Mamed Khalidov showed his tricky grappling, tapping Ryuta Sakurai at KSW 25. | Piotr Pedziszewski/Sherdog.com
Shortly after earning his eighth consecutive win in the KSW 25 headliner, Mamed Khalidov took a moment to apologize to those at in attendance for the abbreviated nature of his triumph.
The fans at Centennial Hall in Wroclaw, Poland, shouldn’t have been surprised. After all, Khalidov has been on a tear since a May 2010 draw with Ryuta Sakurai at KSW 13, finishing seven straight fights -- six inside of a round. On Saturday, the world-ranked Khalidov padded his resume and settled some unfinished business by making Sakurai victim No. 8 with a triangle choke in the opening round of their middleweight feature. As it stands, only one of the 33-year-old’s 28 career wins has seen the judges.
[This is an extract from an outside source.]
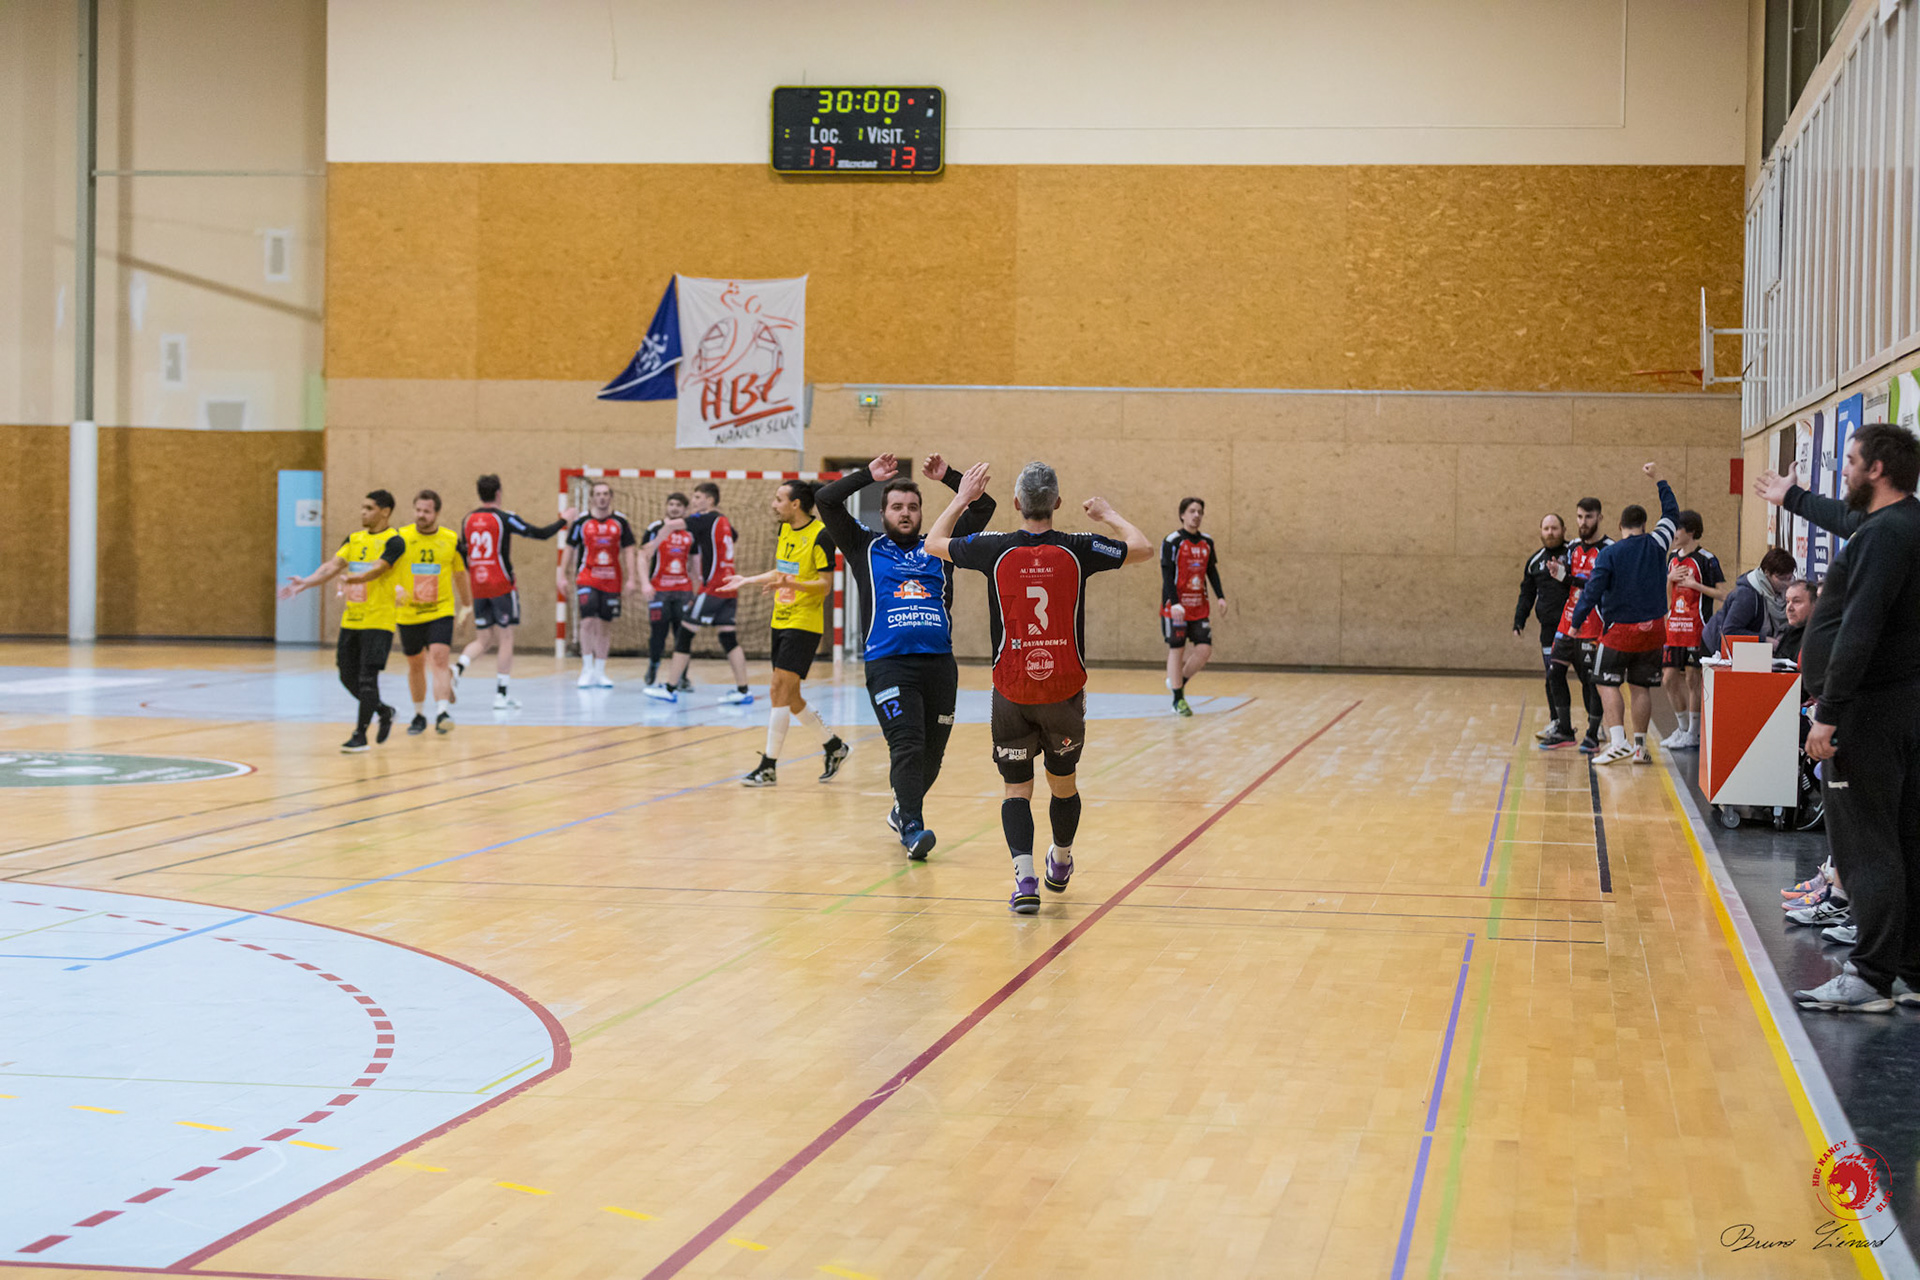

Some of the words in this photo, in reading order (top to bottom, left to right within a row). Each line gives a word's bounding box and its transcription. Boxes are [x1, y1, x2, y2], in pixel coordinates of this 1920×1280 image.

Khalidov (28-4-2) started quickly, launching himself at his Japanese foe with a flying knee. More knees to the legs and body in the clinch followed, and when the two combatants broke away, Khalidov attacked with aggressive punching combinations.
With a little less than four minutes remaining in the first round, Sakurai (24-18-6) landed a takedown. He would find no quarter on the mat, however. Khalidov immediately framed a potential triangle armbar, and when Sakurai attempted to power out of the hold, the longtime KSW veteran transitioned to a triangle choke. Shortly thereafter, Khalidov pulled his opponent forward and then rolled him over to secure the submission.
In the co-main event, Aslambek Saidov retained his KSW welterweight strap with a methodical unanimous verdict over Daniel Acacio. Judges’ scorecards were not revealed when the decision was announced.
Saidov controlled the opening frame with takedowns and moderate ground-and-pound. While Acacio didn’t absorb any major damage, he remained content to defend from his back. The final 10 minutes of the bout took place primarily on the feet. Acacio had his best moment late in the second period, when he landed a pair of solid right hands late in the round and forced the champ to shoot for a telegraphed takedown.
Earlier, Rafal Moks submitted Luiz Cado Simon with a guillotine choke 1:35 into the opening stanza of their welterweight encounter. It was the Pole’s eighth career triumph via tapout and third consecutive first-round guillotine stoppage.
Moks (9-6) wasted little time in rushing his Brazilian adversary. In the scramble that ensued, Moks threatened with a heel hook. Simon rolled repeatedly to escape the maneuver, but in the process left himself vulnerable to the guillotine. Moks capitalized on the opening, secured full guard and tightly cinched the choke, forcing Simon to ask out of the fight.
Abu Azaitar showed off his heavy hands in his KSW debut, stopping Krzysztof Kulak in the opening round of their middleweight fight. Azaitar improves to 8-2 as a professional, with seven of his triumphs coming by way of knockout. Kulak falls to 25-15-2.
Azaitar made his intentions clear from the beginning, as he stalked his Polish foe with heavy power punches. While more than a few hooks found their mark, it was a big overhand right that sent Kulak tumbling to the canvas. From there, the Cologne, Germany-based fighter swarmed with standing-to-ground punches. Kulak did his best to escape but was eventually unable to defend himself against his opponent’s relentless assault.
Virgil Zwicker needed just one punch to bring a swift end to his 210-pound catch-weight encounter with Mike Hayes. After Hayes whiffed on a massive overhand right, Zwicker capitalized with a short counter right hook, dropping the former Cage Warriors titlist to the canvas. “Rezdog” followed up two punches on the mat before the referee intervened 1:12 into the period.
It was the second win in a row for Zwicker (12-3), who also earned a first-round TKO over Nick Moghaddam at Bellator 99 in September. Hayes (19-8-1), meanwhile, has lost five of his last six fights. With the win, Zwicker is expected to receive a KSW light heavyweight title shot against Jan Blachowicz; the reigning 205-pound king was unable to defend his belt against Zwicker at KSW 25 due to injury.
Two-time UFC veteran Oli Thompson dominated his heavyweight showdown with Kamil Walus, winning via technical knockout 1:23 into the second round.
The British strongman set the tone for his victory early, as he picked Walus up and slammed him to the canvas 15 seconds into the bout. Thompson (13-5) remained on top for the duration of the frame, attacking with punches and hammerfists to the head and body. Thompson picked up the intensity of his ground-and-pound in the second frame. After taking Walus (4-2) down yet again, the ZT Fight Skool product went to work with a series of unanswered right hands -- each punctuated by a grunt -- which ultimately brought a halt to the contest.
Despite having a point deducted in the final frame, Piotr Strus took a majority decision from 51-fight veteran Matt Horwich in a middleweight affair that began the main card. Judges’ scorecards were not announced.
While the larger Horwich (28-22-1) attempted to control the bout through clinches and takedowns, the 25-year-old Strus (9-2) was able to create enough space to land effective straight punches on numerous occasions to get the nod from the cageside judges. Horwich, meanwhile, was not active enough when he did achieve top position.